During the 2008 financial crisis, private placement investing was mostly limited to the financial sector where most of the stress was occurring.

This time around, during the Covid-19 pandemic, a larger swath of the economy became systemic as a lot of the private economy was shut down to try to contain the virus.

Accordingly, there is more demand for unique funding structures in more sectors. The technology, media, and telecom (TMT) industries are seeing higher demand for private placements.

The structure of the transactions varies. They range from pure equity or equity-linked securities, like preferred equity, warrants, or convertible equity. They can also go down more toward the debt spectrum, such as debt plus warrants or convertible bonds.

If a company is looking to boost liquidity while limiting dilution, PIPE transactions can be a good fit toward the debt-like part of the spectrum. Given the structural flexibility, PIPEs allow companies to tailor capital raising to their particular needs.

 

PIPE investing in the SPAC space

Large institutions help drive blank-check mergers through PIPE fundraising rounds. 

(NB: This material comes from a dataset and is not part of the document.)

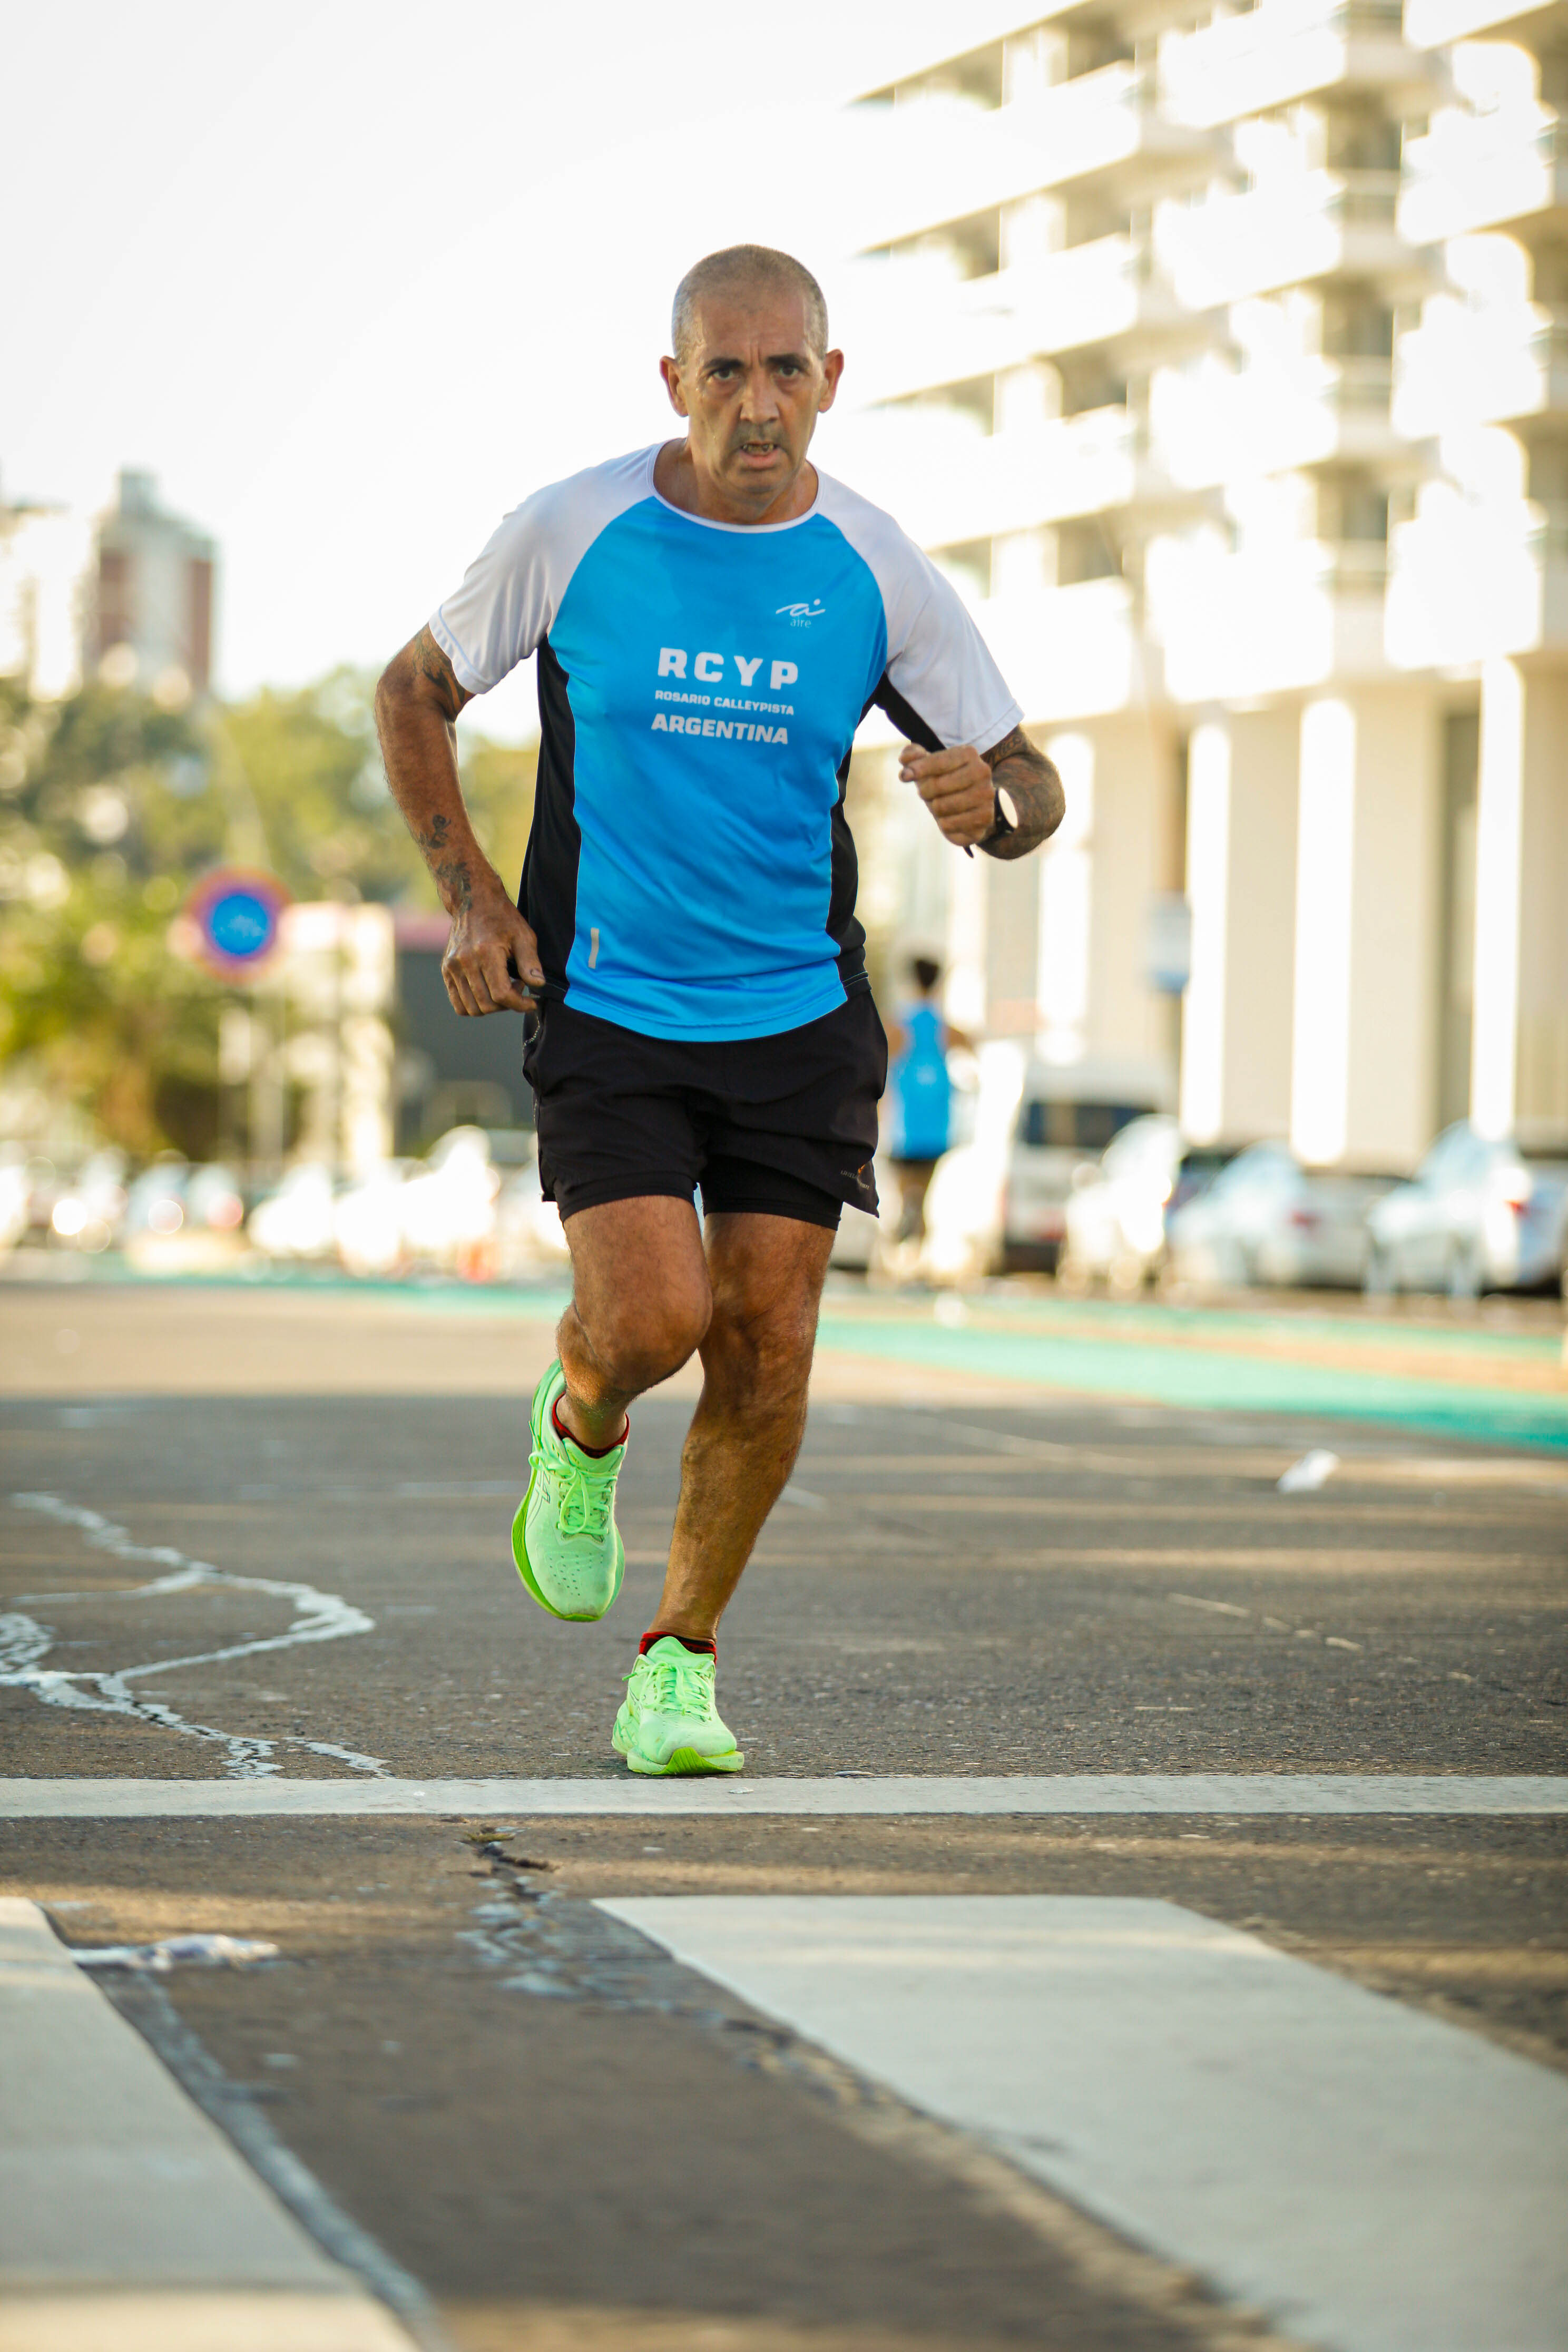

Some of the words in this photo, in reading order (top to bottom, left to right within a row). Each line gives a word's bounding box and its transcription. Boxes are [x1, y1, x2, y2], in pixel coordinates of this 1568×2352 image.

[658, 648, 798, 690] RCYP
[655, 690, 711, 705] ROSARIO
[714, 697, 794, 715] CALLEYPISTA
[651, 713, 788, 744] ARGENTINA

PIPEs enable large investors like Fidelity and BlackRock to put money into the company going public through a SPAC, enabling a blank-check firm to merge with a company that’s several times larger.

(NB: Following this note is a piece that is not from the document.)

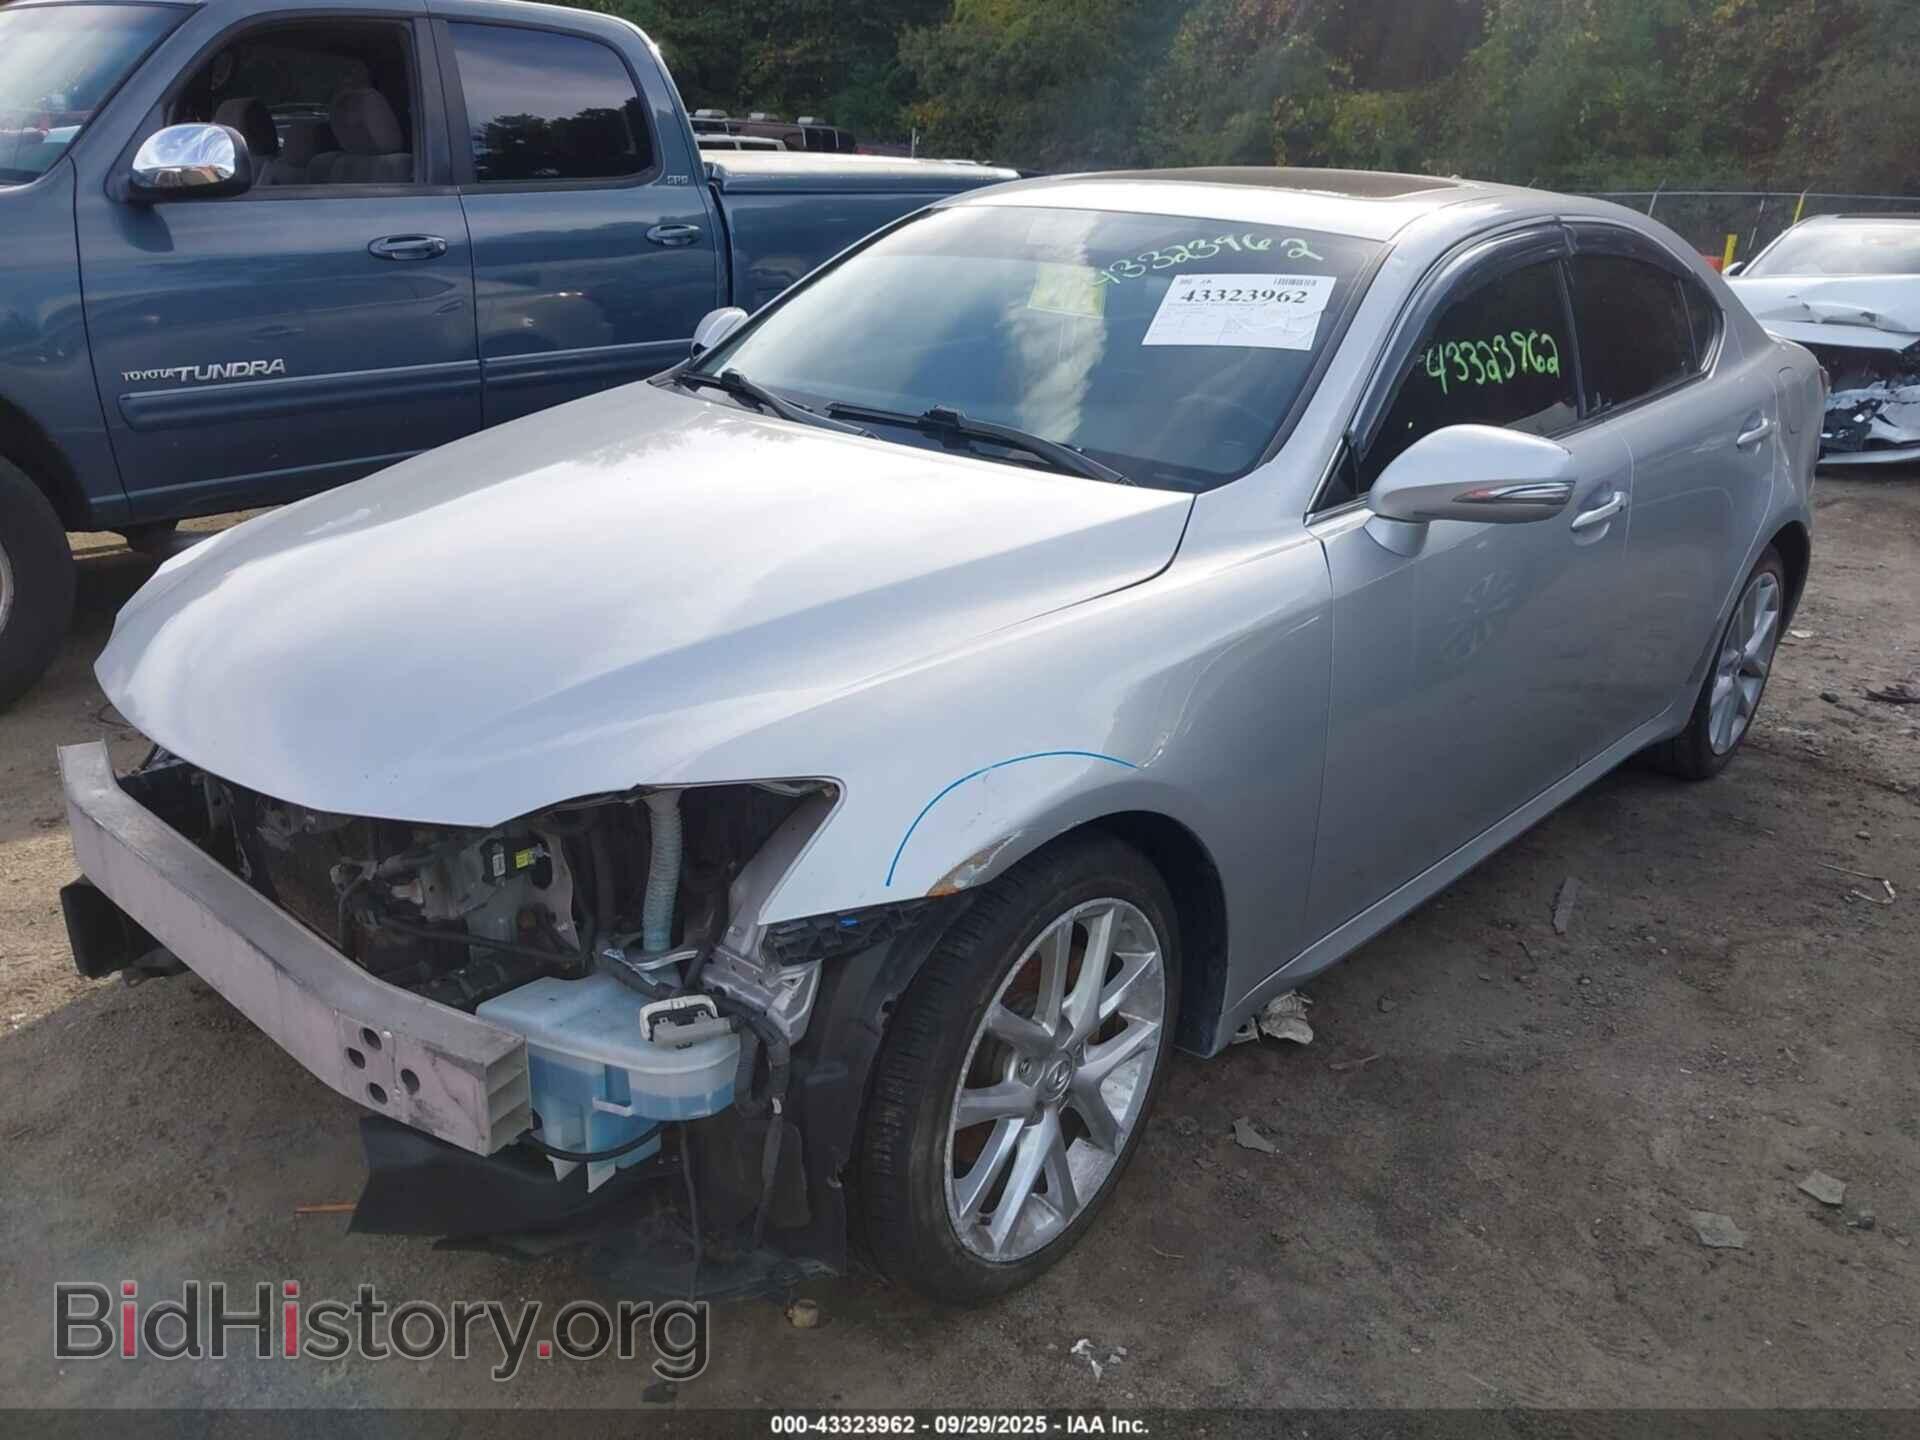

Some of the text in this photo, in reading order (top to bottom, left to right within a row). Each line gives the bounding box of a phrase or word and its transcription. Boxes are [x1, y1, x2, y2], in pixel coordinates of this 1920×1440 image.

PIPE financings have made SPAC mergers more competitive with standard initial public offerings. 

Grab (a type of Southeast Asian Uber) went public through a SPAC merger in a $40 billion deal that also listed Fidelity and BlackRock as PIPE investors. 

In all the largest SPAC mergers – including the ones that took WeWork, Social Finance, and Lucid Motors public – Blackrock and Fidelity are part of most of them and sometimes both. 

Other large investors like Franklin Templeton and T. Rowe Price are also common. They invest before any deal is announced and commonly are able to get in at prices that aren’t available to most smaller investors. 

ESG mandates may also have something to do with it. Many SPAC PIPE investments are tied to alternative energy and electric vehicle companies. Even now, these types of companies are small overall portions of portfolios and are looking to grow them over time, giving a leg up for certain types of companies over others.

 

Conclusion

PIPE transactions involve taking private stakes in public companies. Instead of issuing secondary offerings of shares or new debt securities in the traditional stock and bond offerings, the securities will involve private sales of securities to various types of investors.

These can include common shares, preferred shares, warrants, and/or convertible equity or bonds.

They typically provide the advantage of raising capital when traditional debt and equity channels are unavailable due to volatility or low market-wide valuations. Moreover, they can boost liquidity without immediately diluting existing stakeholders.

Investors typically like them when trying to negotiate favorable terms, such as receiving a higher position in the capital structure, ability to convert into a different security at a pre-set price, and/or receiving access to board seats to better control the investment (as private equity and other types of “activist” investors typically look to do).

Given greater-than-normal risks in how the virus washes through and its distributional impacts among industries, different countries, and over the course of time, private placement financing activity is likely to remain elevated.